We are just wrapping up an intensive dev sprint on IOCipher in order to get the first real beta release out, and it has been a wonderfully productive session on many levels! Before we started this, we had a proof-of-concept project that was crashy and ridiculously slow. We’re talking crashes every 100 or so transactions and 9 minutes to write 2 megs. Abel and I were plodding thru the bugs, trying to find the motivation to dive into the hard problems in the guts of some of the more arcane parts of the code. Aaron Huttner of Gryphn found IOCipher while developing their Gryphn Secure Text Messaging and thought it was a remarkable easy way to add encrypted storage of files, and it worked quickly for him, so he included it his app before we had even announced an alpha release (thanks again for the vote of confidence!).
Aaron worked through a lot of the bugs with us, providing good bug reports and real, working test cases in code. What more could we ask for? We made progress on them slowly but surely. Gryphn then decided they needed IOCipher to work for them ASAP so they could put out a real release. They approached us about funding a development sprint and we thought it was a great idea. This also allowed us to bring in Stephen Lombardo and Nick Parker of Zetetic to apply their SQLCipher and SQLite expertise. Our very own David Oliver put together the deal, and off we went. So we put our heads down and focused everything on getting IOCipher to be a real file system.
To begin with, we focused on the core of IOCipher, libsqlfs, since we could run that on GNU/Linux, greatly speeding up the testing cycle. It started out with about 3 full days of Abel and I running
fsx (File System eXersizer) tests of all shapes and sizes on libsqlfs mounts to try to pin down the crashes. It seemed like we were swimming in mountains of test results that vaguely pointed somewhere. We had some vague leads, but were excited to find that memory-mapped writes were far and away the most common crash. Since IOCipher does not use mapped writes at all, we could safely ignore those crashes for now. Turns out that using libsqlfs as a FUSE mount for our test platform has produced this one red herring.
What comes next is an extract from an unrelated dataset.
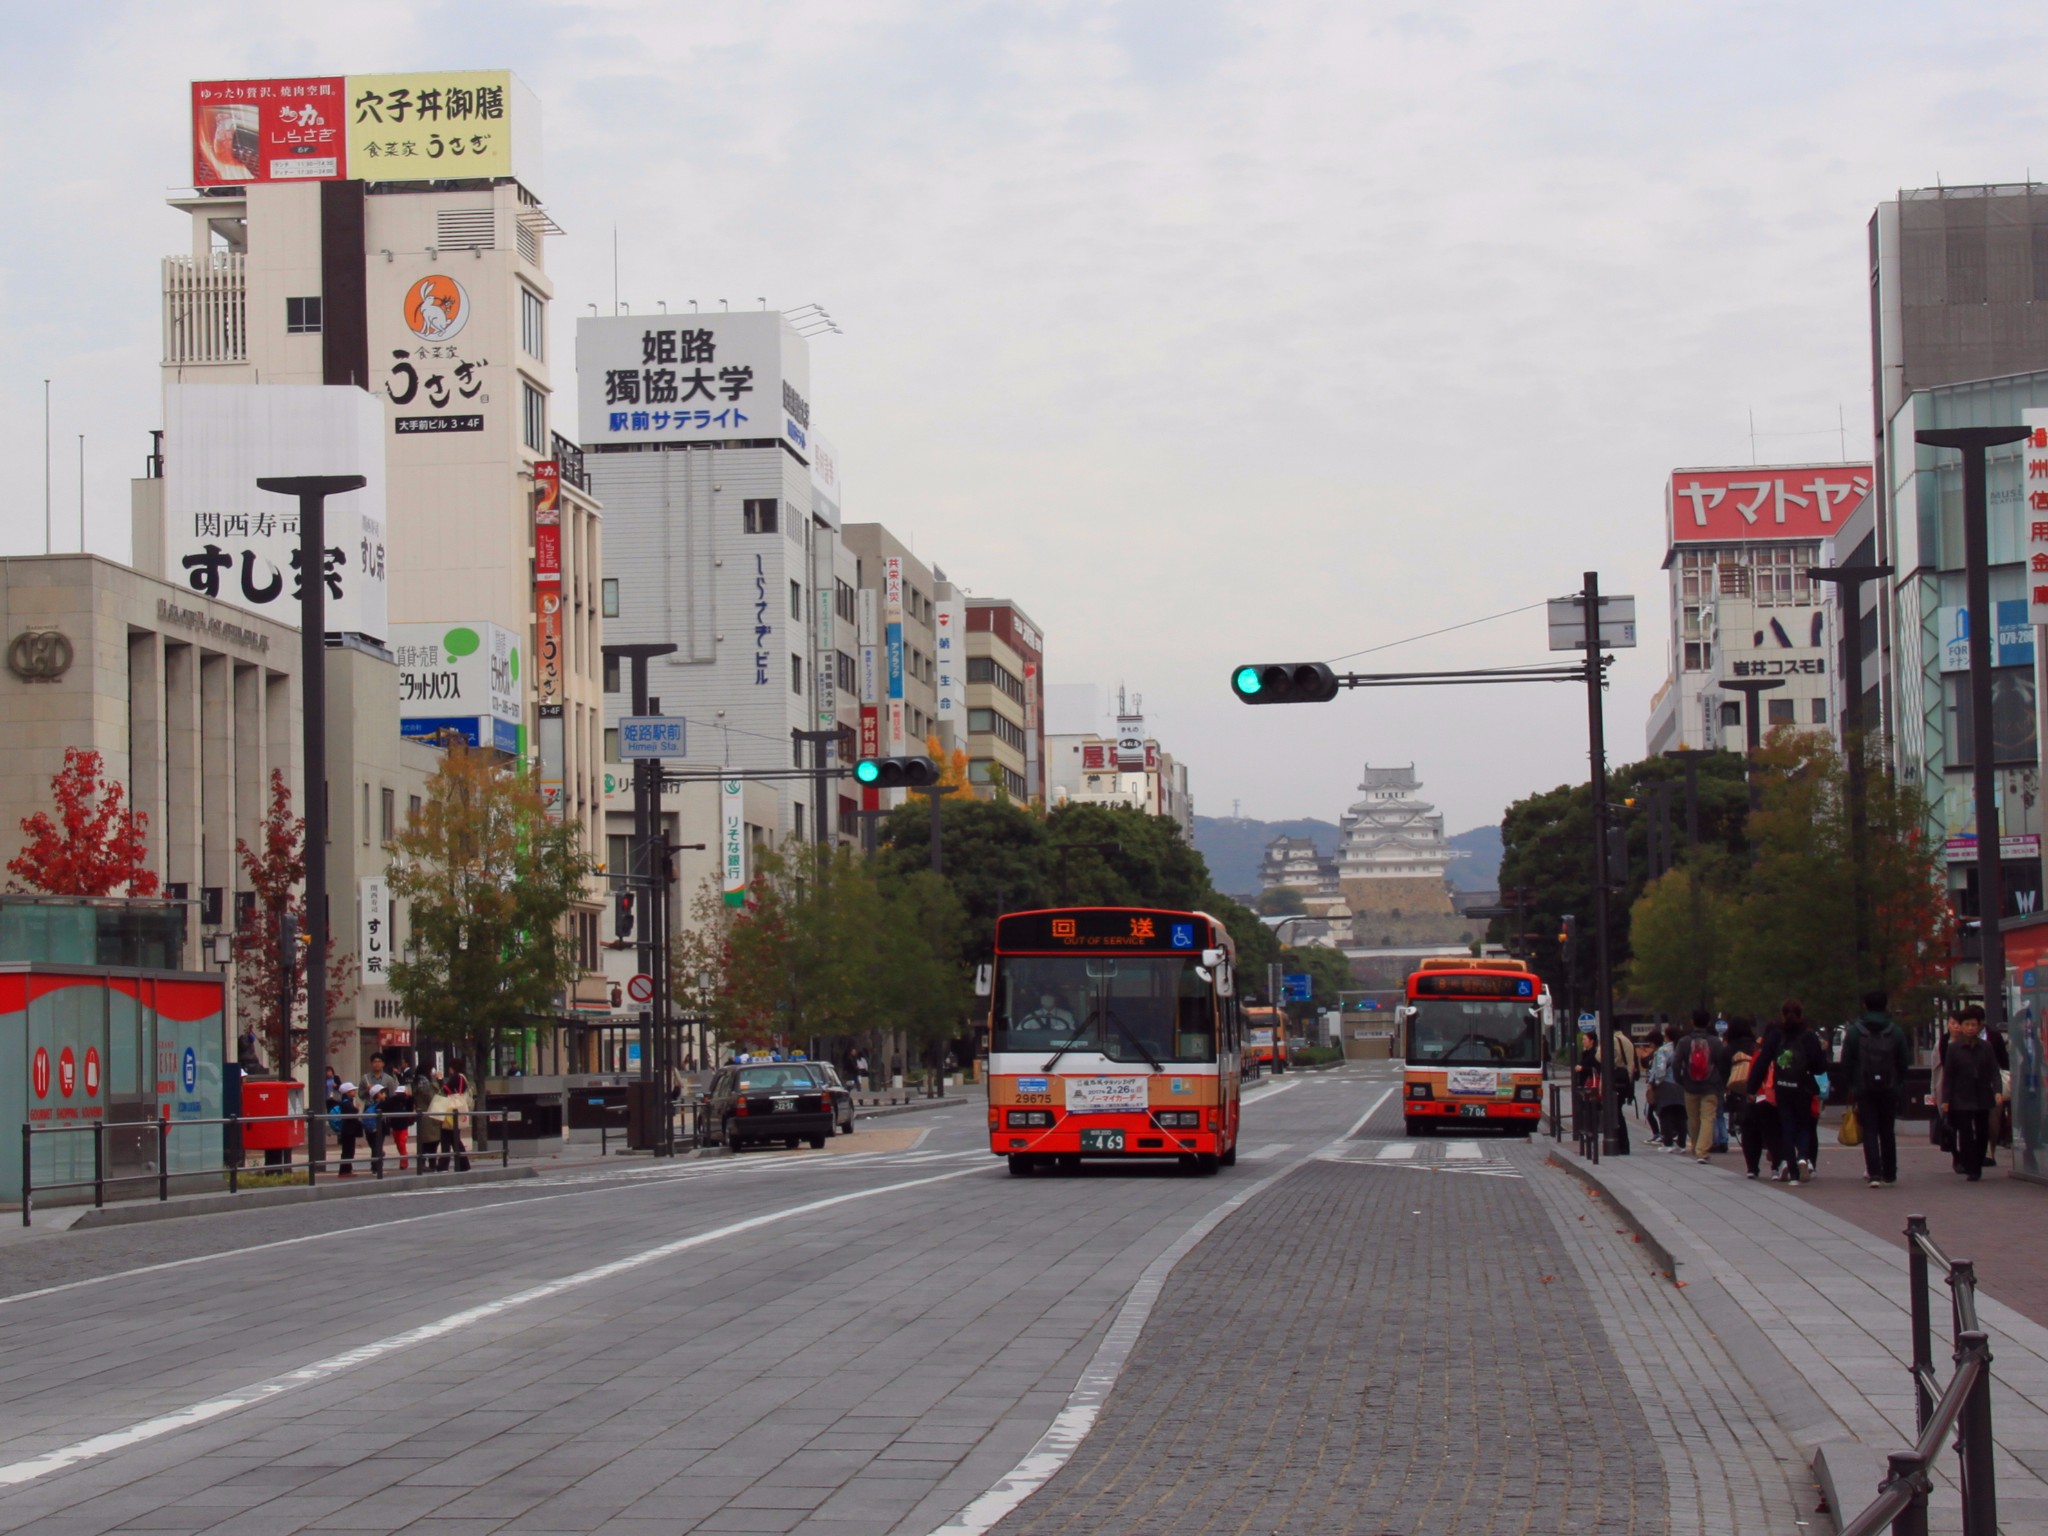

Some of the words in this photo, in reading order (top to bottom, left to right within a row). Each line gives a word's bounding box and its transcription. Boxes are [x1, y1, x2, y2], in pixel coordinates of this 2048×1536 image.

One thing we knew all along is that both reads and writes were really slow, so Zetetic started with that. We all had the idea that the block sizes should all be aligned, and that should likely speed things up. This means Java stream readers and writers, writes in our Posix-style JNI layer, and the page size of the SQLite database. Zetetic did some testing and found that using 8k block sizes throughout produces some dramatic speed increases, here are some ballpark figures for doing a 2MB write with no contention:
- ~710 seconds: default 256 byte blocks and no buffering, one SQLite transaction per block
- ~65 seconds: wrapping all the 8192 write calls for each 256 byte block in a single SQLite transaction
- ~20 seconds: same as above with the IOCipher FileOutputStream wrapped in a BufferedOutputStream
- ~5 seconds: increase internal IOCipher block size to 4k
- ~10 seconds: 8k sqlfs block size, 8k sqlite page size, and 8k BufferedOutputStream buffer, one SQLite transaction per block
- ~1 second: same as above, all blocks written in a single SQLite transaction
Ok, now we had something you could actually use. Pretty slow still, but no longer ridiculous. Through much reading of code and testing, we figured out that there is one spot of the code that assumed it would always be able to read from the database. Under heavy load, this was not possible, especially when you have 9 minute blocking write operations. So the next step was to figure out all of the locking and make sure that was working right. The libsqlfs code from 2006 had the remnants of three separate locking mechanisms in it, SQLite locking, pthread locking, and a delay-retry timeout mechanism. Zetetic dove into updating libsqlfs to replace all that and use all of the modern SQLite tricks like
sqlite3_busy_timeout() to replace the delay-retry logic, v3.0 locks and v3.7 Write-Ahead-Logging which gave libsqlfs a huge improvement in read/write concurrency, and putting libsqlfs and IOCipher reasonable performance in the realm of other encrypted file systems. I’ll let Stephen explain it:
First, we changed the transaction command in begin_transaction to use “begin immediate”. This seeks an immediate reserved lock on the database, but does not exclusively lock it. This reduces unresolvable contention for write locks that would normally occur with deferred transactions, and is less restrictive than an exclusive lock, since it will continue to allow shared locks for reading.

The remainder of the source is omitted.